Галина Ицкович: Откуда у Вас такое сопереживание музыке, такой глубокий интерес к музыкальному театру?
Павел Грушко: У меня нет музыкального образования, я не играю ни на одном инструменте, разве что на расчёске и на казу (или, как его называли в России – сазофон). Но в детстве в доме у нас было много музыки: мама хорошо играла на фортепьяно, бывали в гостях певцы, исполнявшие народные песни и романсы.
Думаю, интерес к музыке сказался в целом на моих стихах. Впрямую — в таких стихотворениях как «Музыка», «Тарелки», «Валторна Осени», «Показывают моды», «Репортаж с карнавала». А косвенно — в разных стихотворных размерах и тональностях. Сами стихи ведь имеют ритм и музыкальные средства.

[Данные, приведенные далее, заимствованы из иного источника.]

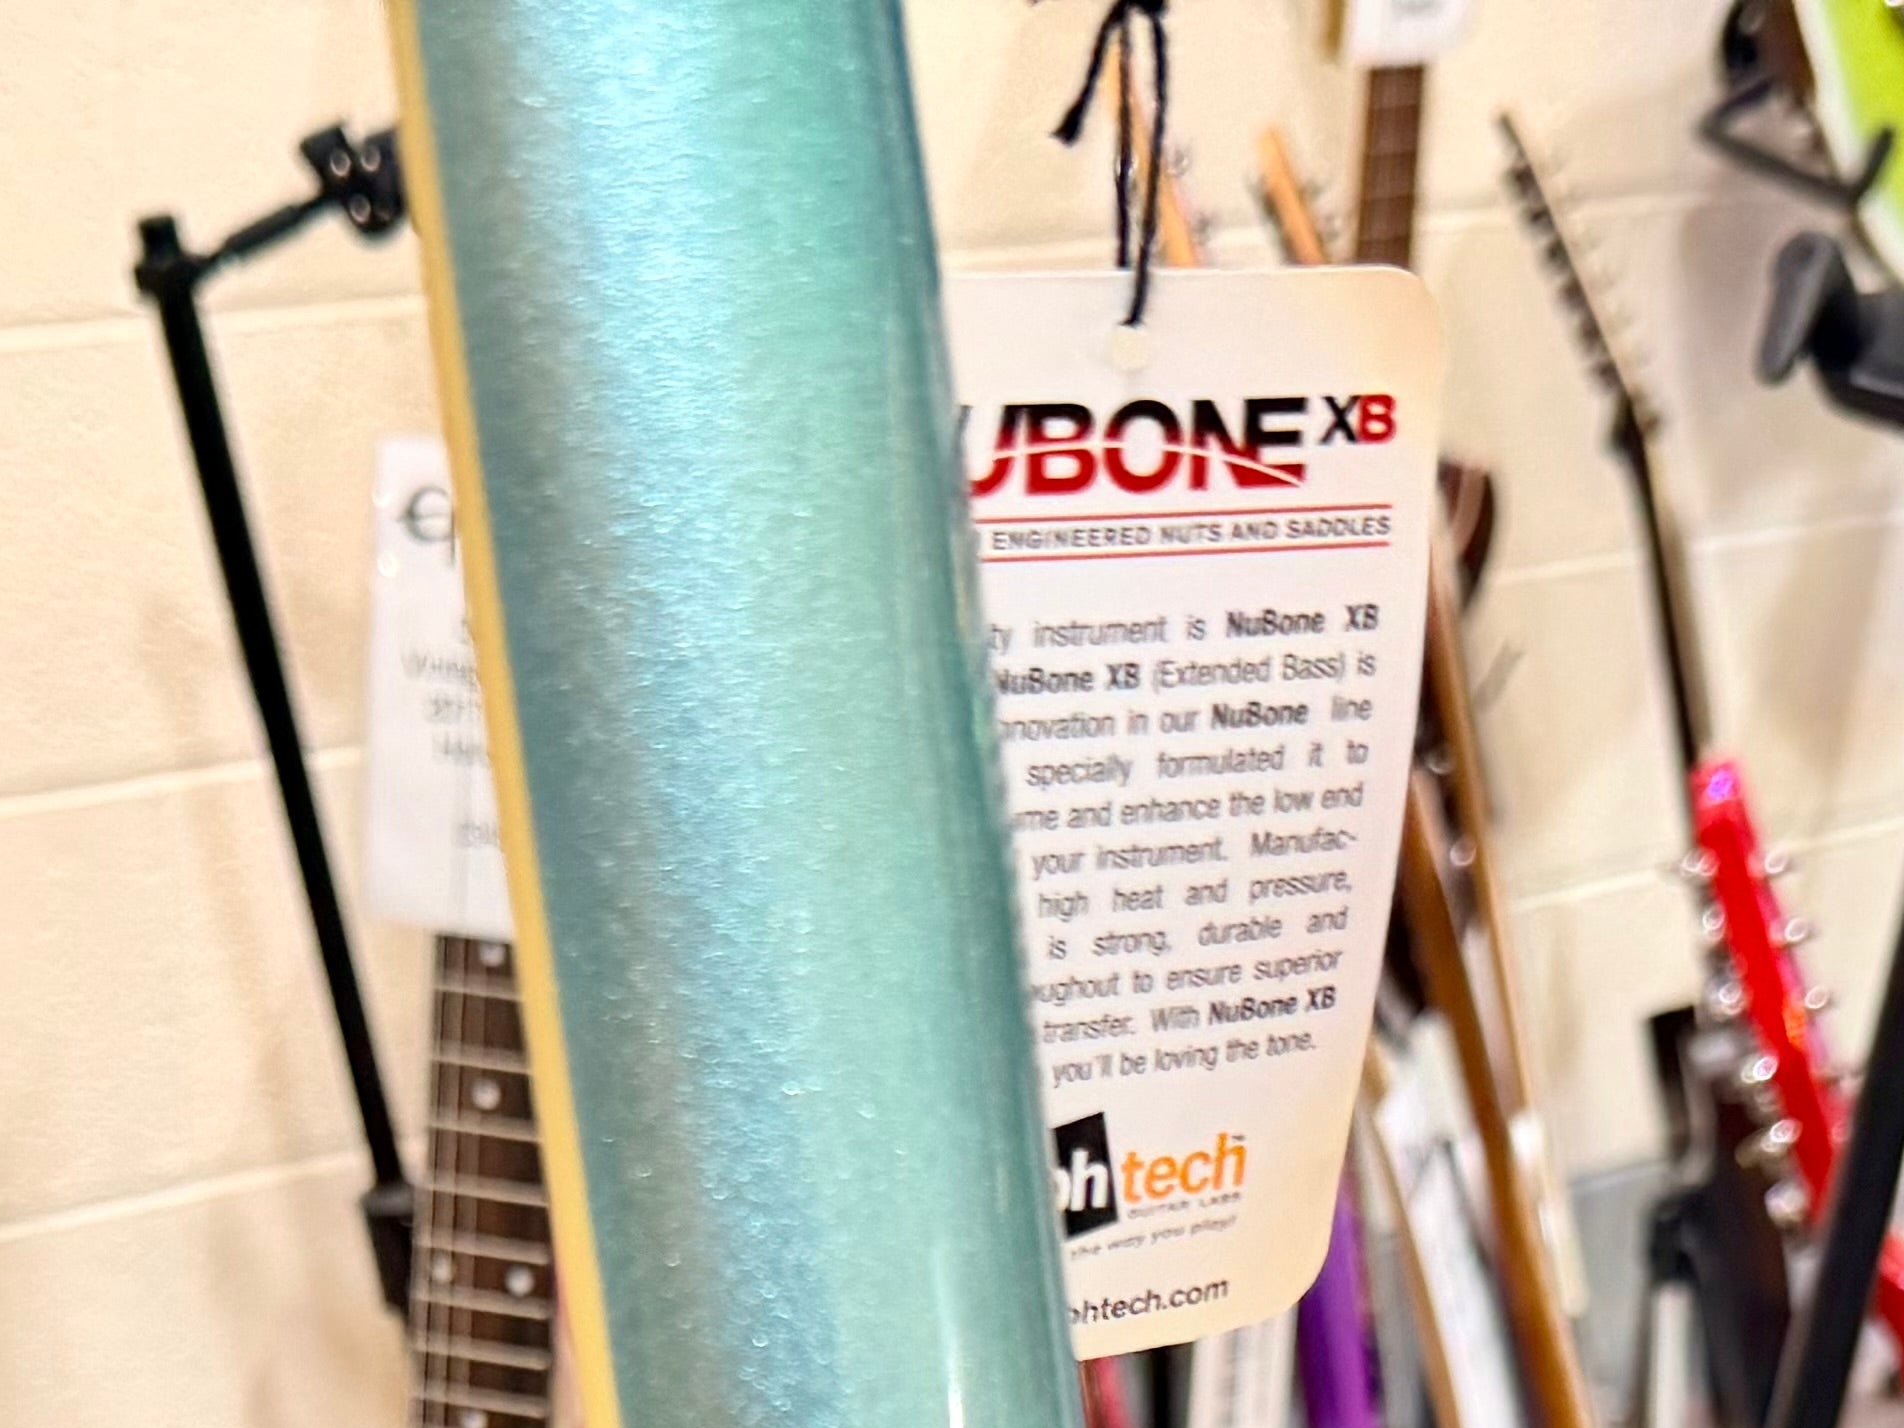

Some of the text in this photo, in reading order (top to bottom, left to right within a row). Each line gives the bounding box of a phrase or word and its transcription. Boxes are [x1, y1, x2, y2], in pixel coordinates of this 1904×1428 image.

На мои тексты пели и поют Жанна Рождественская, Елена Камбурова, Александр Розенбаум. Недавно на три мои стихотворения написал музыку бостонский композитор Виктор Харлов. И, конечно, музыка связала меня с композиторами, написавшими музыку на мои стихотворные пьесы.
-Надеюсь, у нас возникнет еще возможность поговорить о Ваших блистательных либретто, из которых так естественно проистекает разножанровая музыка. Именно безупречное единение ритмического рисунка и мелодики слова и музыки, единение композитора и поэта, “сделало” их успех. Но кто все же пристрастил Вас к джазу?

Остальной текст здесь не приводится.